例えば…WBC開催期間中にNetflixに加入した人には公式戦チケットにワンドリンク無料券をつける、新規加入者に観戦チケットが当たるキャンペーンを実施する、とか。
未来の野球選手を増やしたいのであれば、権利関係をクリアした上で子ども連れ限定の上映会を開いたっていいと思う。Netflix限定で各選手の舞台裏ドキュメンタリーや代表合宿の密着映像を配信すれば、WBCで野球に興味を持ったライト層をより深く引き込むこともできるはずだ。
大会そのものを「有料化」せざるを得ない以上、その金額に見合うだけの価値を提供し、息の長いファンを育てるきっかけとするよりない。
先日、吉本興業が独自のプラットフォームを使い、ダウンタウンチャンネル(仮)の配信をスタートさせると発表した。松本人志の活動再開の是非は別にして、これもひとつの「有料化」の動きと言えるだろう。
1925年にラジオ放送、1953年にテレビ放送が開始されて以来、お金を払わずとも大量の番組を楽しめる時代が到来した。YouTubeやTikTokの隆盛は、コンテンツの無料消費をさらに拡大させた。いまや僕たちは、1円も払わずに24時間を娯楽で埋め尽くせる生活を送っている。
だが、WBCや吉本興業の動きを見るに、そんな時代はもう終わりを迎えようとしている。テレビ局やスポンサー企業、YouTuberが「見せたいもの」ならいくらでも無料で見られるが、ユーザーが「本当に見たいもの」を見るためにはお金を払わなくてはならなくなってきている。
これからは、2009年のWBC決勝でイチローが放った決勝タイムリーヒットのような日本全体が感動を共有する「国民的瞬間」は生まれないのかもしれない。
それは寂しいことだ。けれど、僕は思う。
無料でみんなが同じものを楽しめた時代は幸福だったけれど、観たいものを観るために対価を払う時代が来るのならば、それはとても健全な時代だと。

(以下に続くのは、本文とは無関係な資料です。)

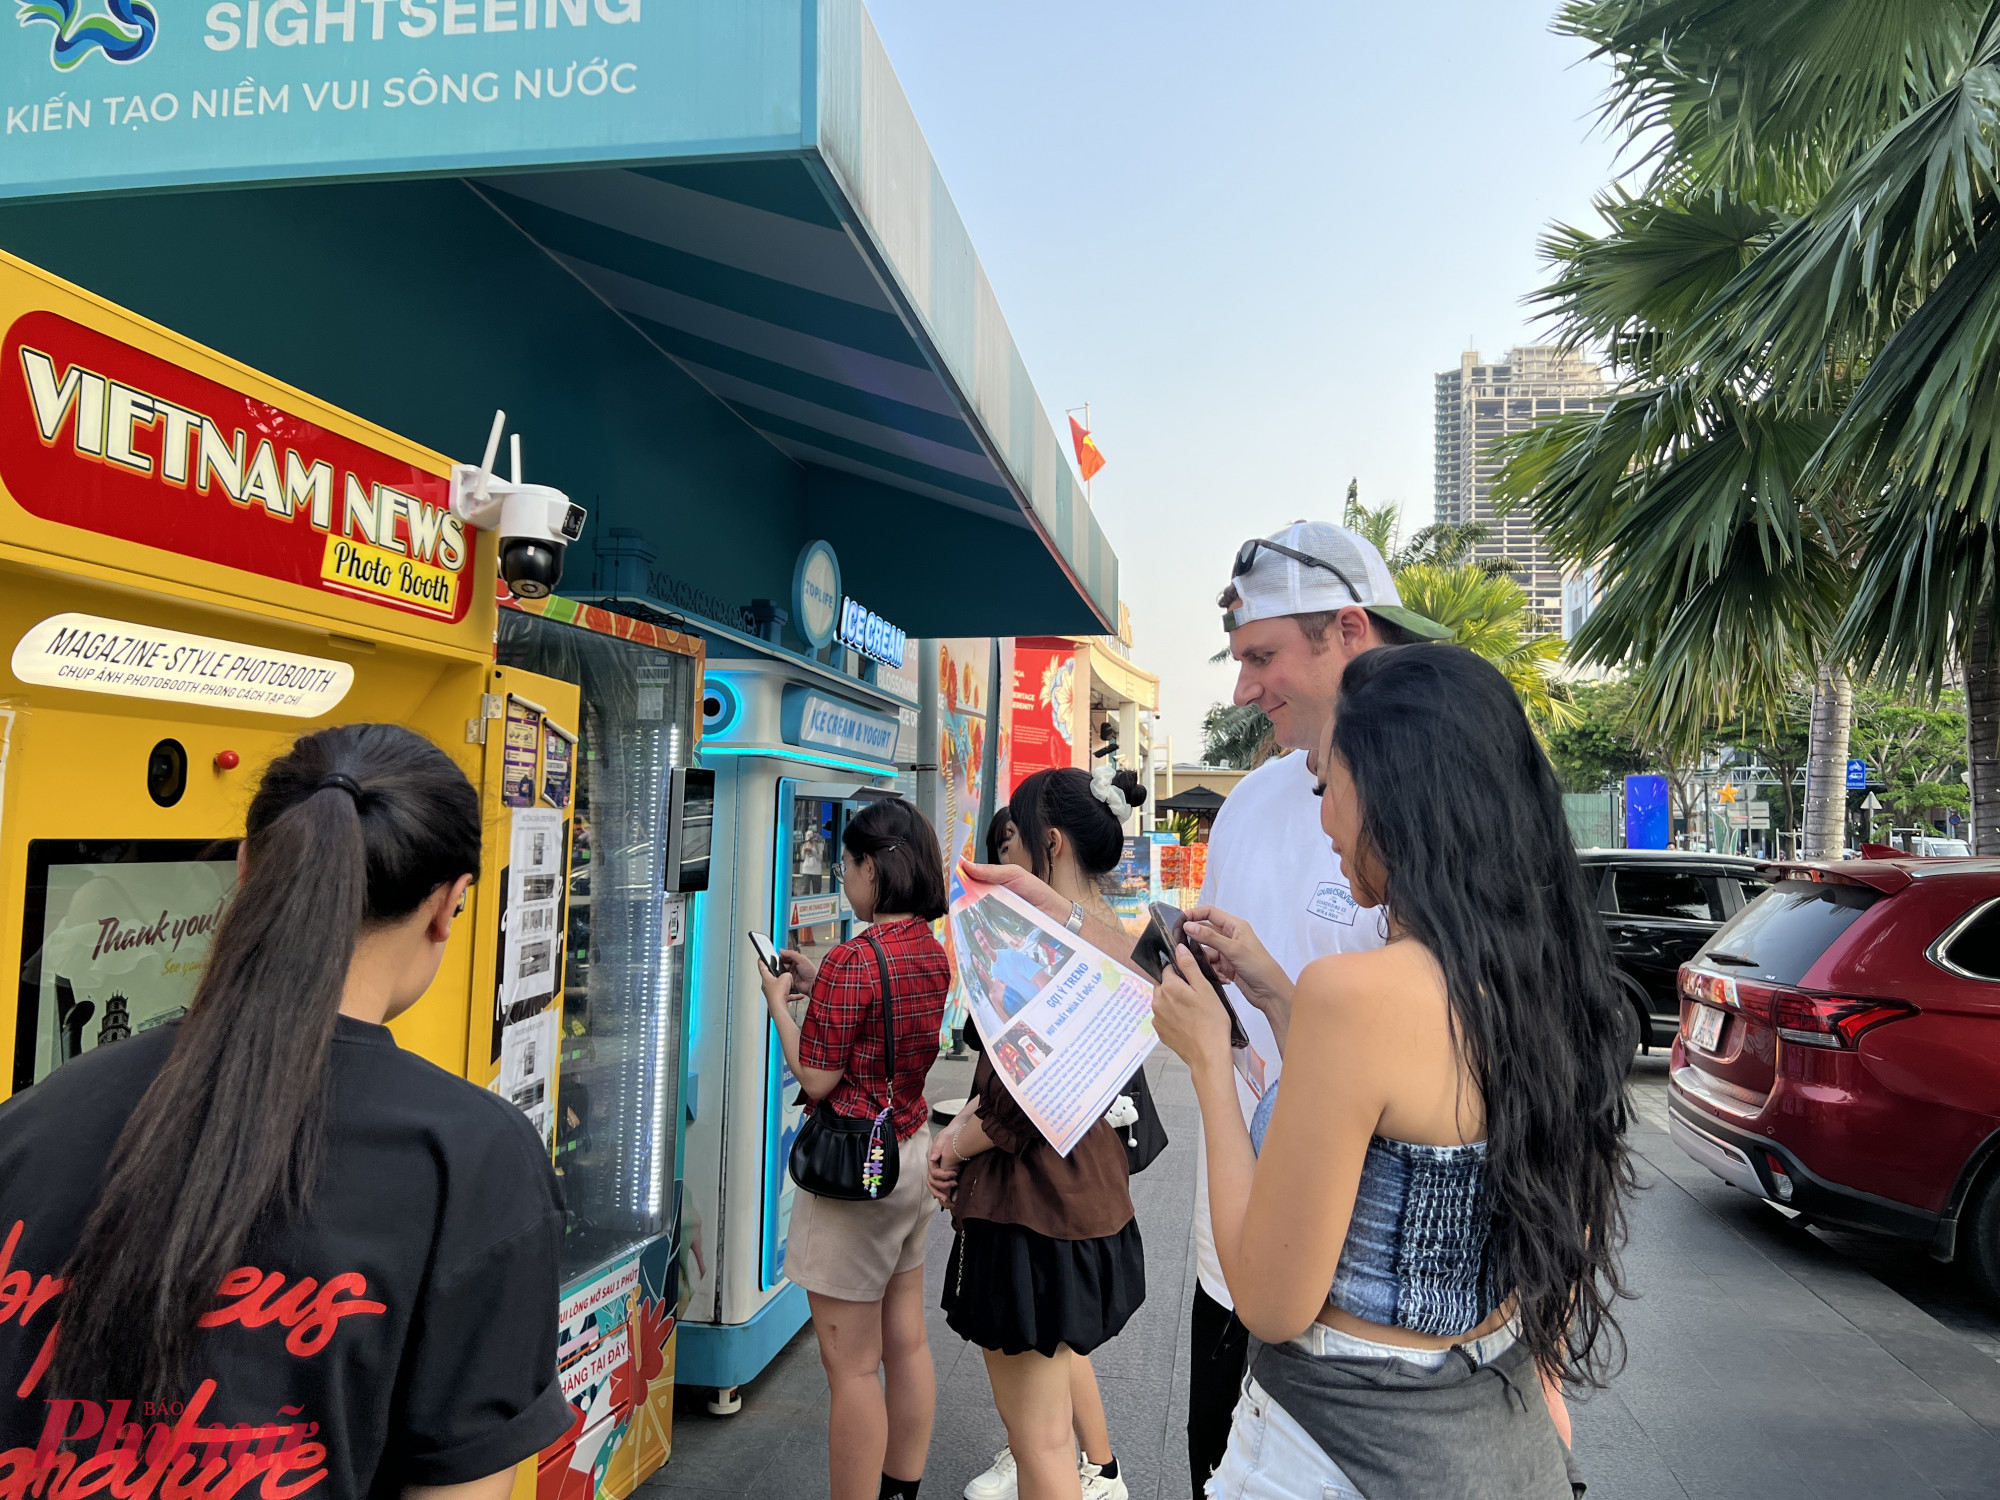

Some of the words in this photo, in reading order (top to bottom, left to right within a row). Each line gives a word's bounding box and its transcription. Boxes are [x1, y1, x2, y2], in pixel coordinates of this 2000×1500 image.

もちろん、「有料化」は一部の人を遠ざける現実もある。野球だけでなく、音楽ライブや演劇、映画などが地上波から姿を消し、観たい人が観たいときにお金を払う仕組みに収束していくとすれば、「国民的コンテンツ」と呼べるものはますます減っていく。
けれども、分散化された小さな熱狂があちこちに点在し、それらがSNSを通じて束ねられることで、かつてのテレビ時代とは違う「国民的瞬間」が生まれる可能性もある。スタジアムに集まる数万人の歓声がネットを通じて拡散され、深夜にスマホで試合を見た人が翌朝に感想をつぶやく。そんな断片的な熱狂の集合が、これからの時代の「共有体験」になっていくのではないか。
WBC独占配信をめぐる今回の騒動は、単なる放映権の話ではない。無料から有料へ。瞬間の共有から、時間差の共有へ。僕たちの「楽しみ方の常識」が、大きく塗り替えられていく転換点なのだと思う。